Content starts

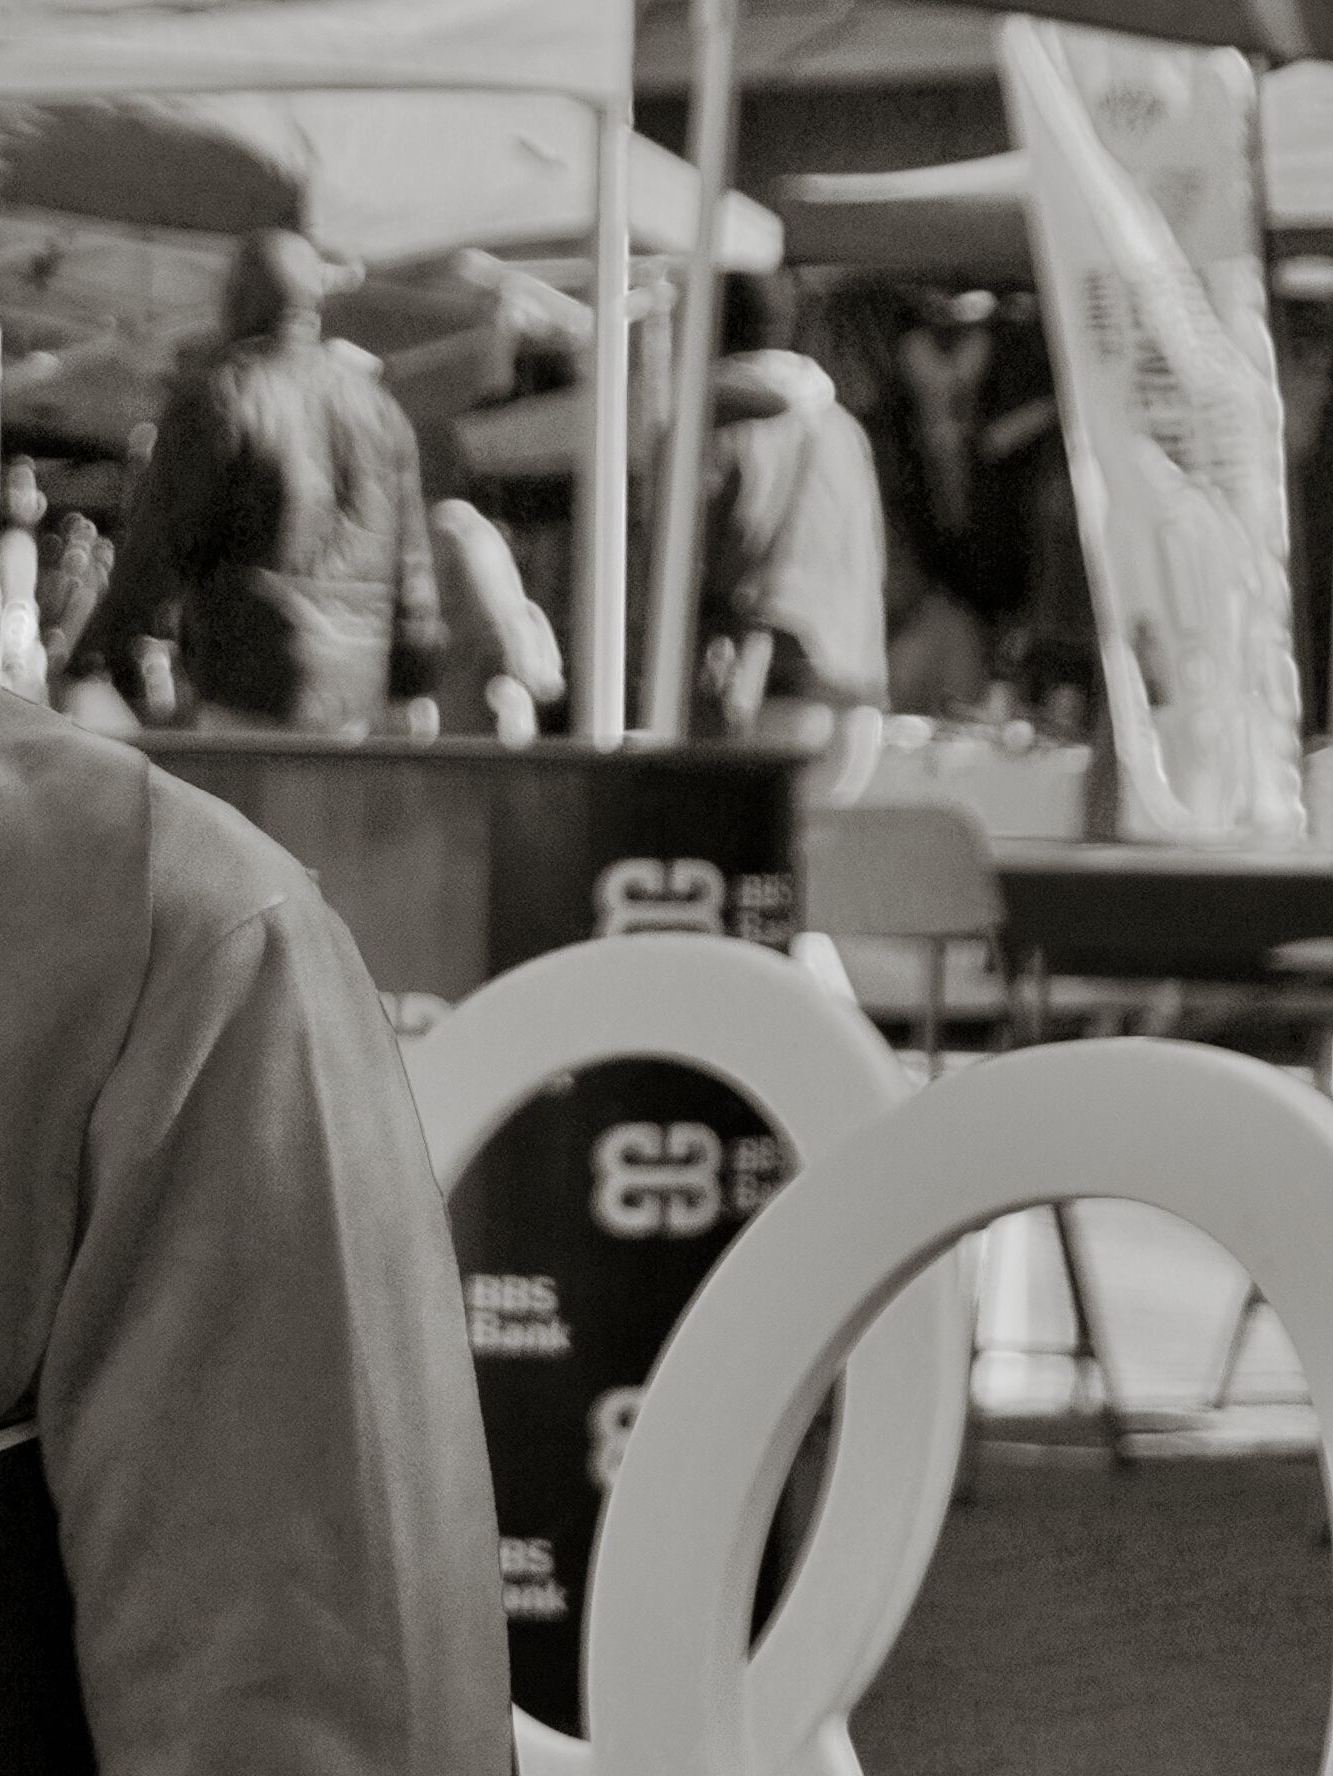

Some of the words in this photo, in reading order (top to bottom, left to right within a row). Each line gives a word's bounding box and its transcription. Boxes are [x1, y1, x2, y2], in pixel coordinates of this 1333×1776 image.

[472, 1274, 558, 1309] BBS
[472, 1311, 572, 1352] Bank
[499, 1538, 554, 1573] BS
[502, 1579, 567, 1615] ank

Content ends

## [DIRECTIONS]
Leaving the images out, print the records above exactly.

## [ANSWER]
Some of the words in this photo, in reading order (top to bottom, left to right within a row). Each line gives a word's bounding box and its transcription. Boxes are [x1, y1, x2, y2], in pixel coordinates of this 1333×1776 image.

[472, 1274, 558, 1309] BBS
[472, 1311, 572, 1352] Bank
[499, 1538, 554, 1573] BS
[502, 1579, 567, 1615] ank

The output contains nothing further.